I’m using a Hyperjuice charger with 3 USBc and one USB a and a 100w capacity. It is supposed to have both over voltage. Over current and all that stuff (this is the pass through version that you can plus another 120volt plug into)

I’ve used it for like a year without issue. I’m in Honduras on vacation and tonight I plugged my go pro charger into its USBc and nothing worked. Then I tried my iPad. Nothing. No charging indication but my USBc to lightning charger my ihpone just fine.

Then I tried my MBP 2018. Nothing. No charge. New cable. Nothing.

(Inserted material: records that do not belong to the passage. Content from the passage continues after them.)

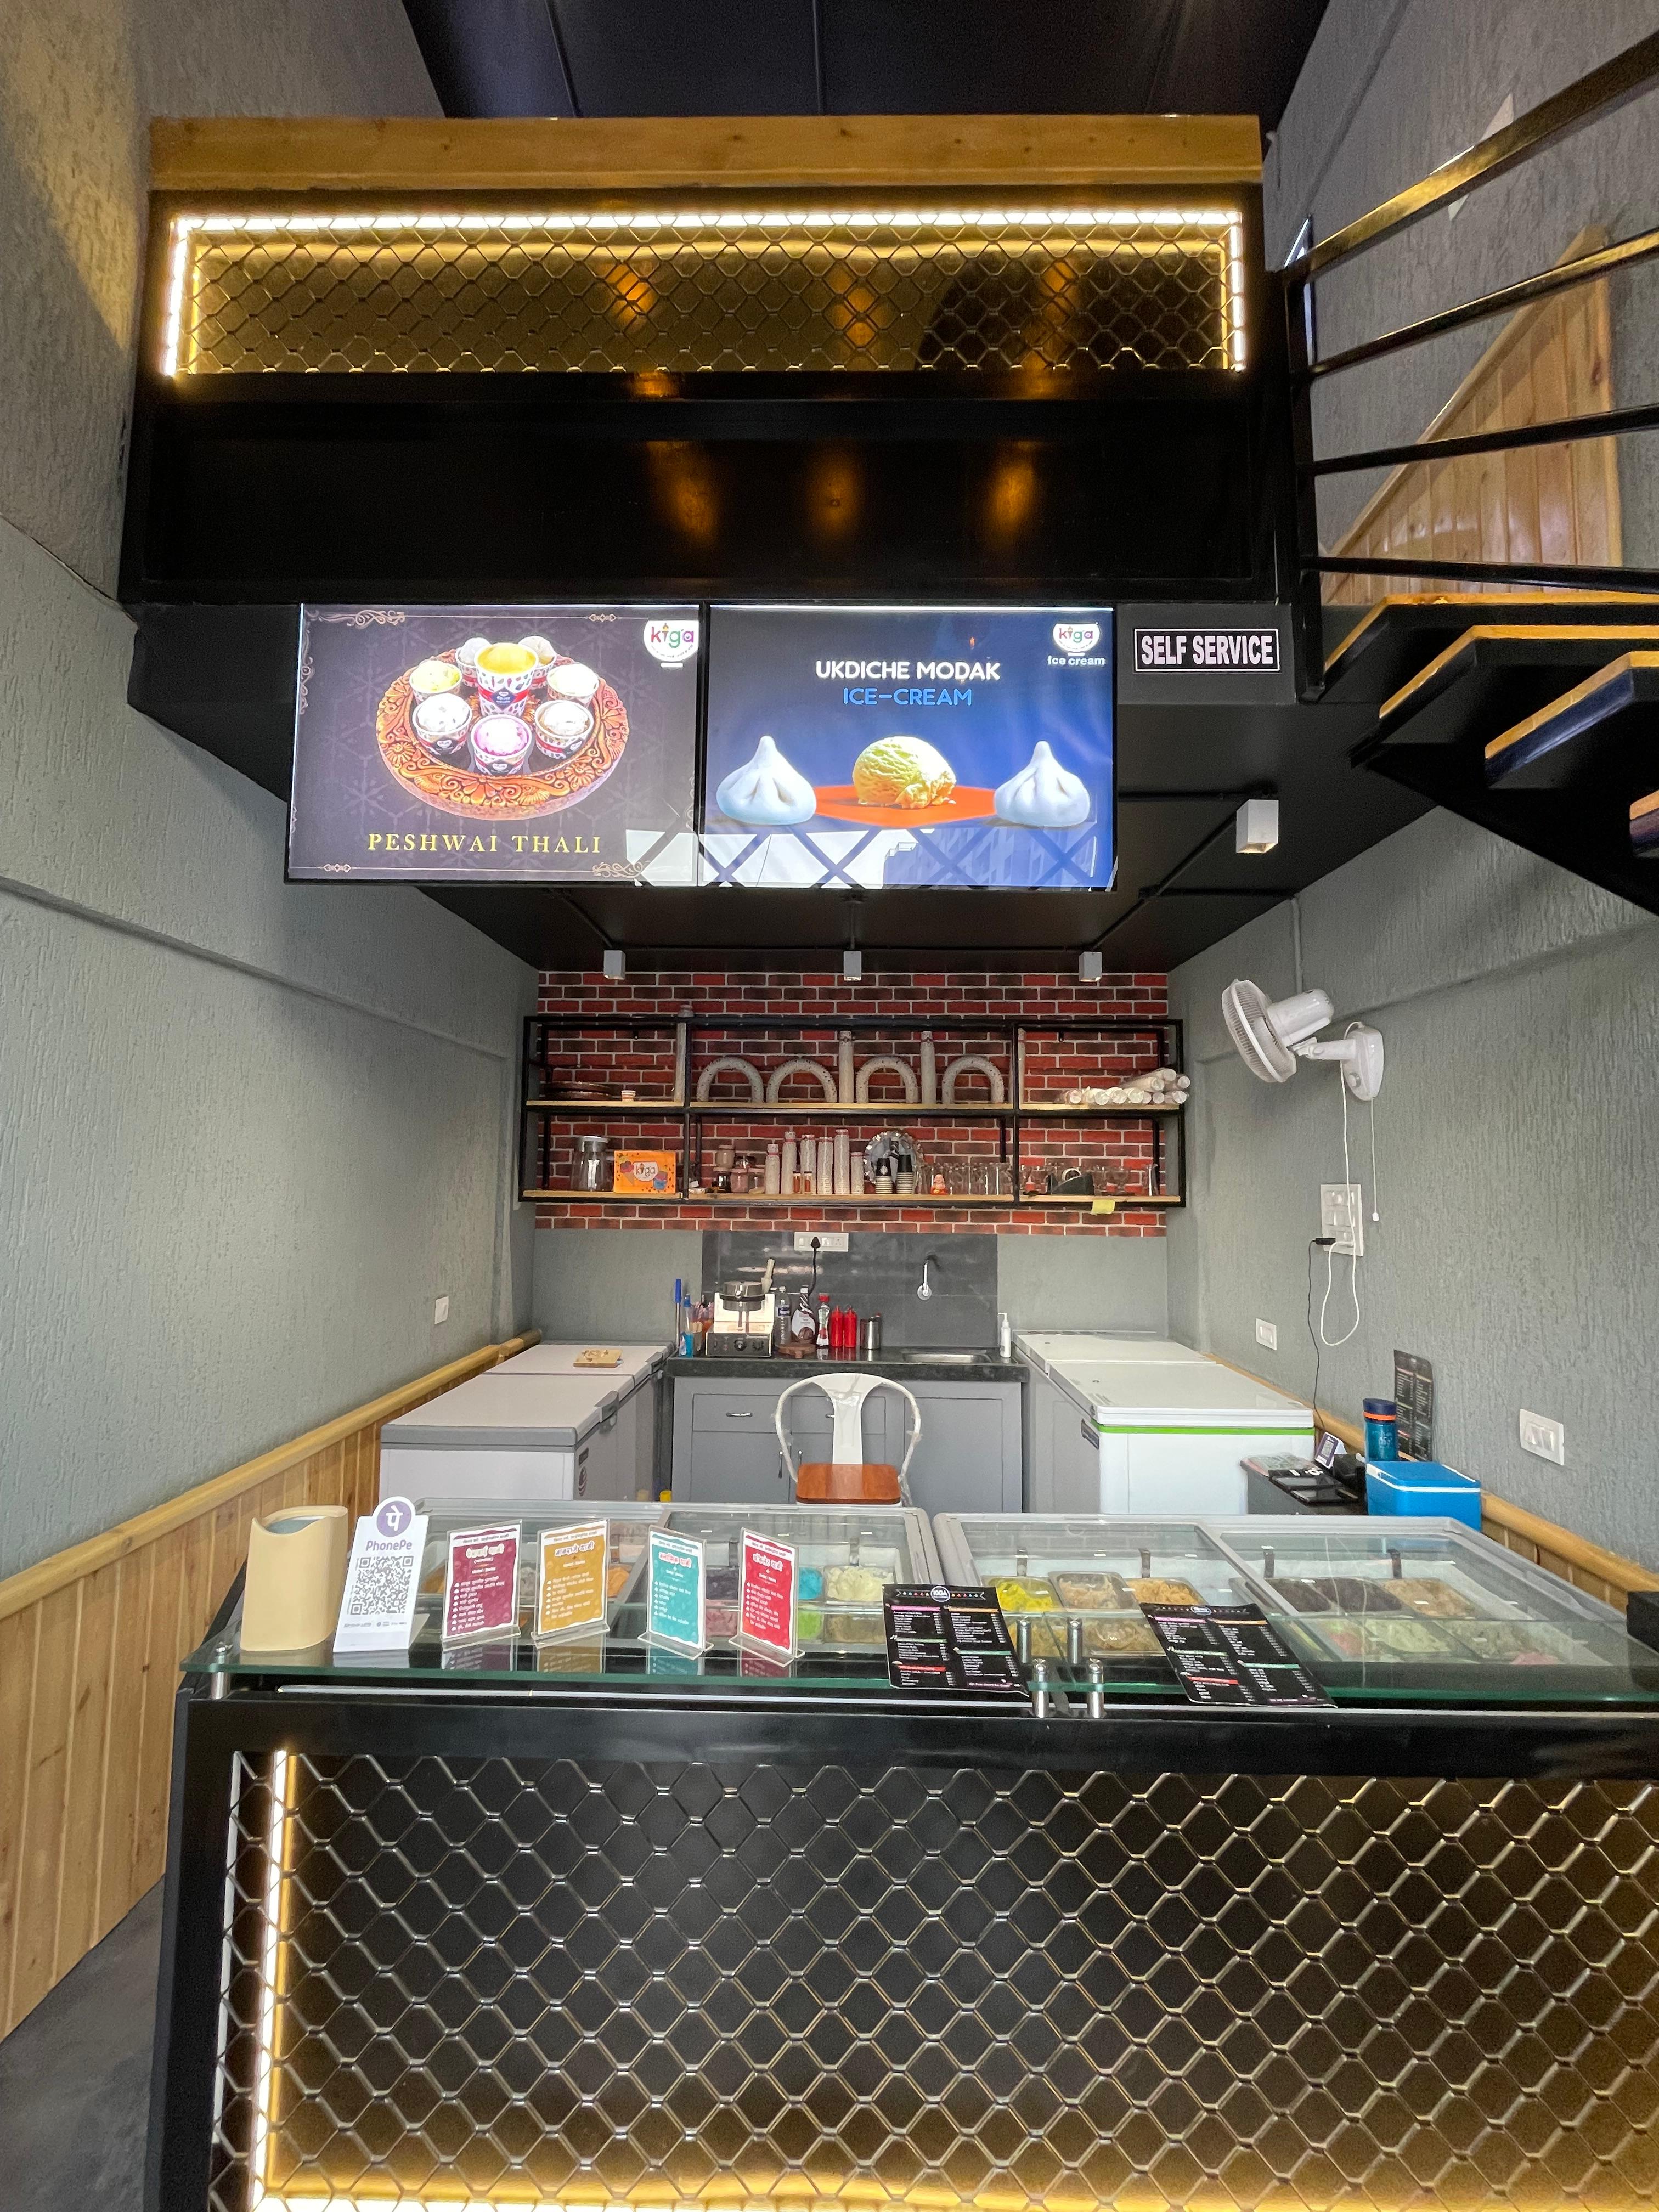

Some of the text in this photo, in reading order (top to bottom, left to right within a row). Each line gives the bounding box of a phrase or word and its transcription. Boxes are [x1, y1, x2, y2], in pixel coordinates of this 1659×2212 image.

[651, 623, 694, 648] kiga
[1059, 626, 1093, 643] kiga
[1141, 635, 1273, 664] SELF SERVICE
[816, 661, 1001, 680] UKDICHE MODAK
[1068, 657, 1105, 665] cream
[844, 687, 972, 706] ICE-CREAM
[368, 833, 600, 853] PESHWAI THALI
[386, 1505, 404, 1531] पे
[366, 1539, 413, 1551] PhonePe

Troubleshoot. Use my power delivery external battery pack to try to charge the MBP. NOTHING!
iPad to battery pack. Nothing.

So it almost looks like this charger cooked my iPad AND my MBP?!? Should that even be possible? Not one of the USBC ports works now. Just dead to charge.
 
What about the battery pack to GoPro...does that work? Or GoPro to MBP or iPad...are you able to read the memory card? I feel like it could just be a bad cable since your USB-C to Lightning one is working, but what are the chances you have two bad USB-C to USB-C cables?
 
GoPro charger USB A to usb c cable via battery pack no go. Usb A to usb C cable number 2 to GoPro camera no go. So that’s 4 cables. Seems everything that touched this charger won’t charge.
 
If it's an M1 Mac try restarting in safe mode. Otherwise try resetting the SMC. And don't try that charger again but a different one.
 
Here is the amazing part, the HyperJuice cooked the USB-C multimeter I bought on the first plug in. Literally the multimeter worked fine on other chargers, plugged it into the HyperJuice and now the USB-C side of the multimeter won't work either.

 
Sorry to hear that. USB-C is far more riskier than previous generations because of the higher voltages. Just not worth testing a $50 charger using a $500 device. My rule is if the cable or charger fails, toss it.
 
Since even a nice USB-C multimeter won't read the voltage without blowing up I've ordered a USB-C break out cable to use a regular DC multimeter on. I SUSPECT line AC voltage is being output but can't be certain as of yet.....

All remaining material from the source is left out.